Секретариат объявил своё решение.
И я без колебаний - удар! Только дату и осталось
вписать. Рас-пус-каю!!! [12]
Борис Можаев (прекрасно вёл себя в эти дни, как и во все
тяжёлые дни "Нового мира") со всем своим внутренним
свободным размахом ушкуйника, за годы привык искать и гибкие
выходы, держит меня за грудки, не пускает: нельзя посылать
такое письмо! зачем рубить канаты? не лучше ли формально
обжаловать решение секретариата РСФСР в секретариат СССР,
пойти туда на разбирательство?
- Нет, Боря, сейчас меня и паровозом не удержишь!
Смеётся.
- Ты как задорный шляхтич, лишь бы поссориться. А по
моему вот это и есть самое русское состояние: размахнуться -
и трахнуть! В такую минуту только и чувствуешь себя
достойным сыном этой страны. Разве я смелый - я и есть
предельный боязливец: "Архипелаг" имею - молчу, о
современных лагерях сколько знаю - молчу, Чехословакию -
промолчал, уж за это одно должен сейчас себя выволочить. Да
правильно сказала Лидия Корнеевна о политических протестах:
- Без этого не могу главного писать. Пока этой стрелы из
себя не вытащу - не могу ни о чём другом!
Так и я. При всеобщей робости и не хлопнуть выходною
дверью - да что я буду за человек! (Кому надо оправдаться,
такой встречный слух распустят: он сам своей резкостью
помешал за себя заступиться - мы только-только собирались, а
он хлопнул и всё испортил. Если уж "классовую борьбу"
обсмеял - действительно, не подступишься. Да ведь всё
отговорка - кто хотел, тот раньше успел.)

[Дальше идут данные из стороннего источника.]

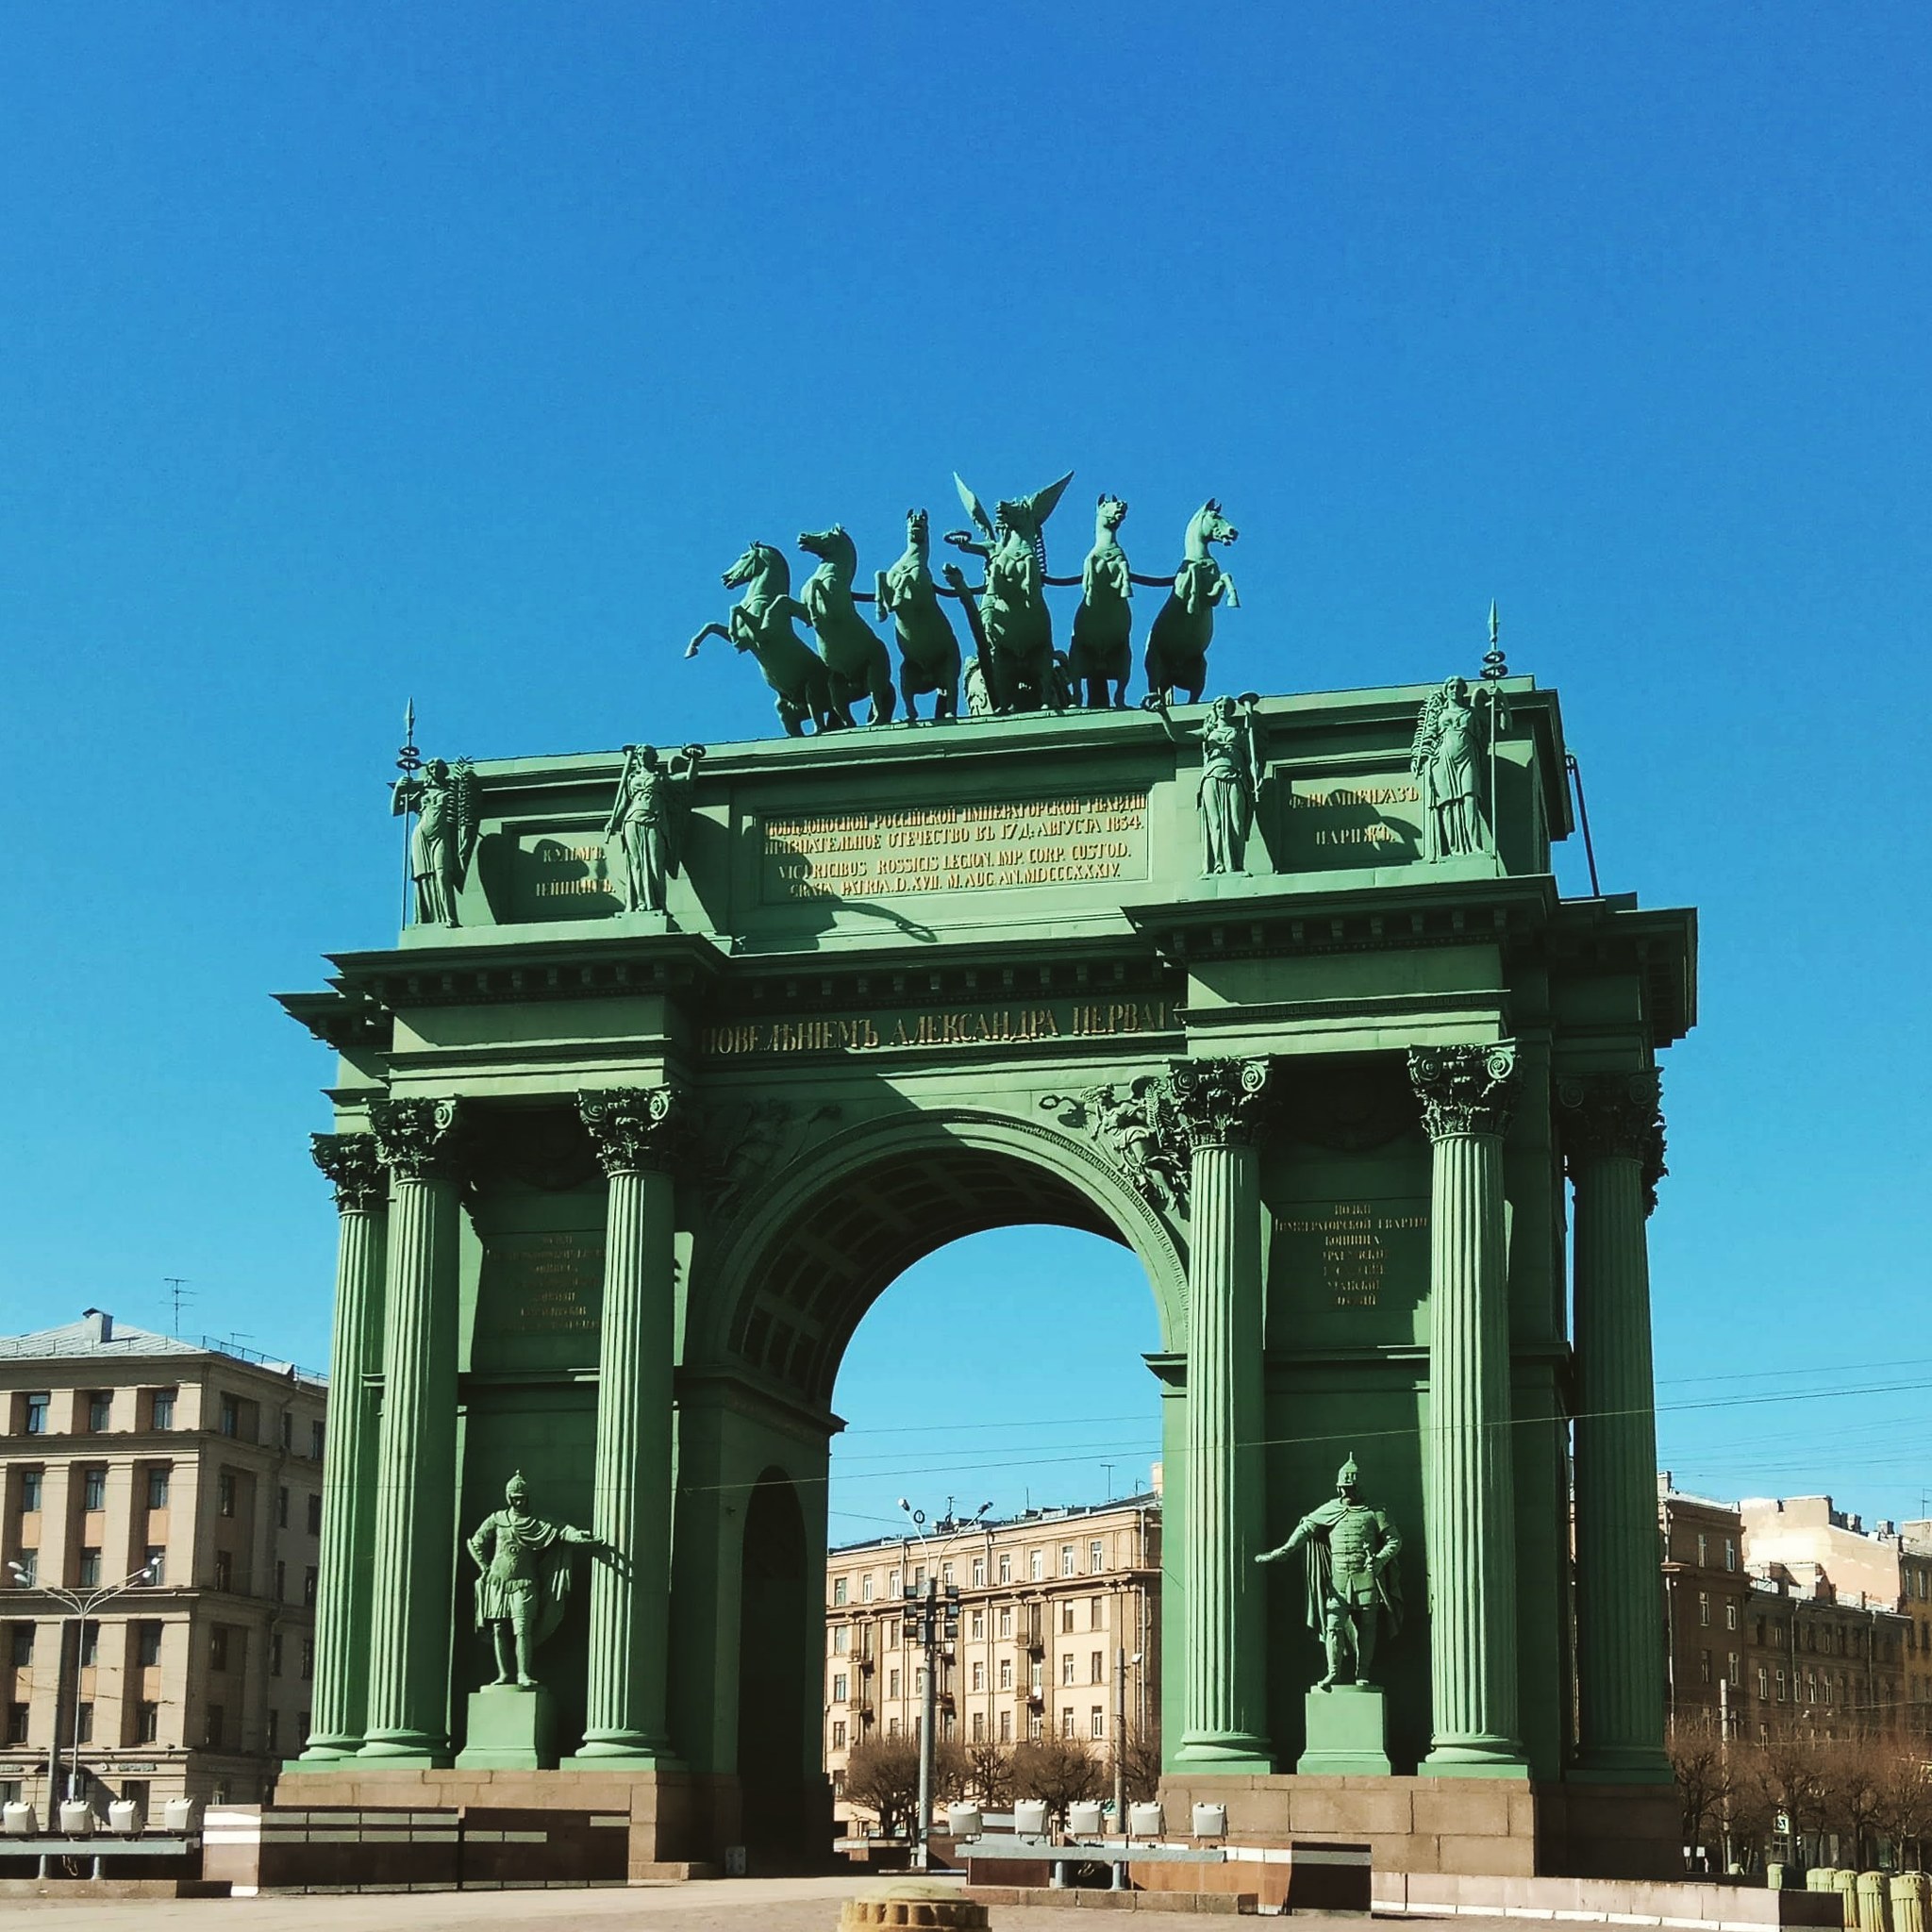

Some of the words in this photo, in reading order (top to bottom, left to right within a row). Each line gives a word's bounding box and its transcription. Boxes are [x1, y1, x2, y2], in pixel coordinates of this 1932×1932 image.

[887, 828, 970, 848] ОТЕЧЕСТВО
[778, 861, 868, 879] VICTRICIBUS
[876, 856, 939, 874] ROSSICIS
[1072, 842, 1131, 861] CUSTOD.
[890, 1008, 1058, 1046] АЛЕКСАНДРА

А послал - и как сразу спокойно на душе. Хотя в тот день
гнали за мной по московским улицам двое нюхунов-топтунов, -
мне казалось: за город, в благословенный приют, предложенный
мне Ростроповичем (в самом сердце спецзоны, где рядом дачи
всех вождей!), за мной не ехали. Здесь (хоть уже и
газовщики, и электрики приходили какие-то) кажется мне: я
скрылся ото всех, никому не ведом, не показываюсь, по
телефону не звоню. Пусть там бушует моё письмо, а здесь так
исцелительно, тихо и так ясно работает радиоприёмник, лови
своё отражённое письмо и ещё устаивайся на сделанном. Да и
работать же начинай.
Не помню, кто мне в жизни сделал больший подарок, чем
Ростропович этим приютом. Ещё в прошлом, 68-м году, он меня
звал, да я как-то боялся стеснить. А в этом - нельзя было
переехать и устроиться уместней и своевременней. Что б я
делал сейчас в рязанском капкане? где бы скитался в спёртом
грохоте Москвы? Надолго бы ещё хватило моей твёрдости? А
здесь, в несравнимой тишине спецзоны (у них ни репродукторы
не работают, ни трактора) под чистыми деревьями и чистыми
звёздами - легко быть непреклонным, легко быть спокойным.
Не первый раз стучится Ростропович в переплёт этих
очерков. Но - невозможно, уже не держит вещь, и без того
взбухла, в Ростроповиче жизни и красок на десятерых, жаль
описывать его побочно.
В ту осень он охранял меня так, чтоб я не знал, что
земля разверзается, что градовая туча ползёт. Уже был приказ
посылать наряд милиции - меня выселять, а я не знал ничего,
спокойно погуливал по аллейкам.
Иногда беспечная близорукость - спасение для сердца.
Иногда борони нас, Боже, от слишком чуткого предвидения.